LAUSR

T‐cell activation RhoGTPase‐activating protein (TAGAP) is a GTPase‐activating protein specific for RhoA that is exclusively expressed in activated T cells. Genome‐wide association studies and metagenome SNPs analyses have indicated that TAGAP is associated with the pathogenesis of multiple autoimmune diseases, including psoriasis, rheumatoid arthritis, Crohn's disease, celiac disease and multiple sclerosis. However, the precise function of TAGAP remains unclear. Because TH17 cells contribute to TAGAP‐associated autoimmune diseases, we hypothesized that TAGAP plays key roles in the differentiation and/or function of TH17 cells. To evaluate this hypothesis, we analyzed the effect of TAGAP on TH17 differentiation in vitro and established a line of TAGAP‐deficient mice. We found that TAGAP was required for TH17 differentiation in vitro and that the loss of TAGAP in mice ameliorated the clinical features of experimental autoimmune encephalomyelitis, indicating that TAGAP is critical for disease progression. We also demonstrated that TAGAP interacts with RhoH, an adapter protein that interacts with lck and ZAP70 in proximal TCR signaling. TAGAP competes with ZAP70 for RhoH binding, thereby inhibiting TCR‐associated signal transduction. Consistent with these findings, TCR‐induced ERK activation was increased in TAGAP‐deficient T cells.

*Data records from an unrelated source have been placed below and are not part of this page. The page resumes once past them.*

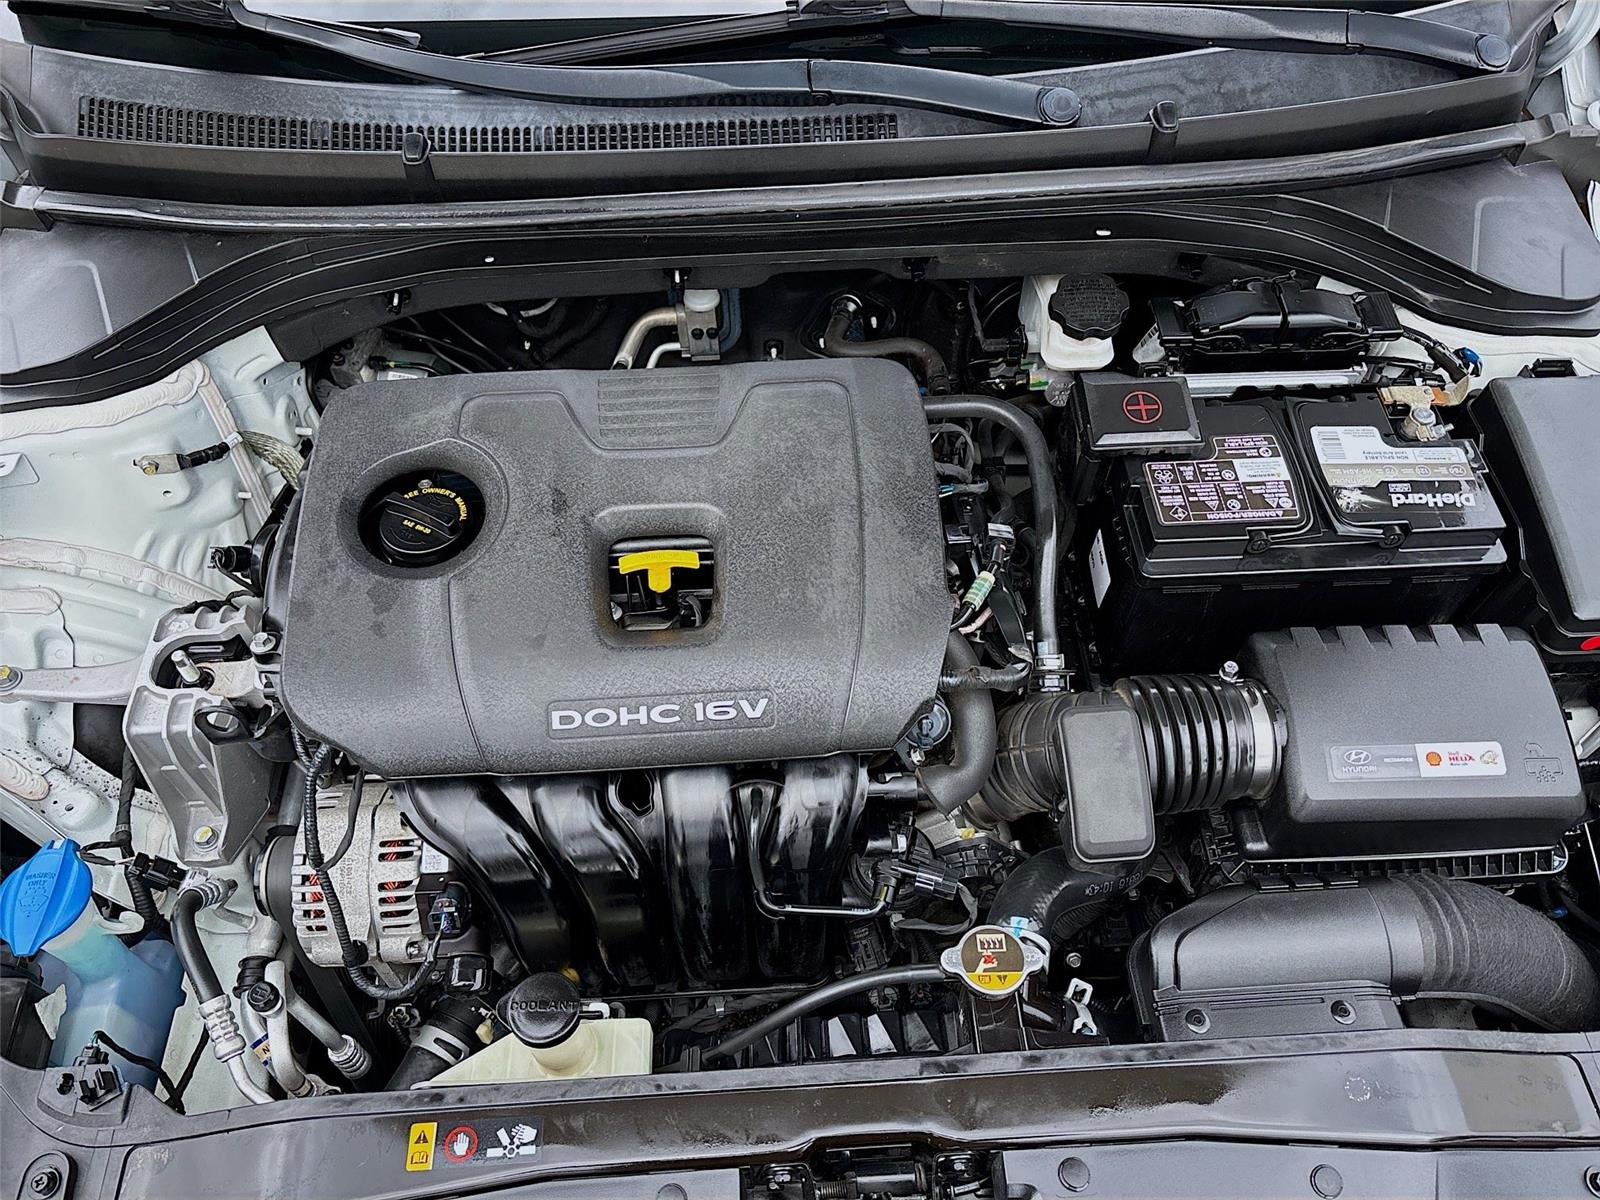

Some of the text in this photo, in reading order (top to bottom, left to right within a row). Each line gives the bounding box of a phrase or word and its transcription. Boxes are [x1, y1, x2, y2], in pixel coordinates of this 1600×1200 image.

[422, 488, 456, 498] OWNER'S
[1389, 493, 1476, 508] DieHard
[551, 698, 769, 730] DOHC 16V
[1343, 765, 1377, 773] HYUNDAI
[511, 1000, 578, 1012] COOLANT

Because the upregulation of TCR signaling inhibits Th17 differentiation, TAGAP may prevent TCR signaling activity from reaching the limit of the induction of TH17 cells. Collectively, our findings indicate that TAGAP is a novel factor required for TH17‐cell differentiation and that TAGAP potentially represents a novel target of autoimmune disease therapies.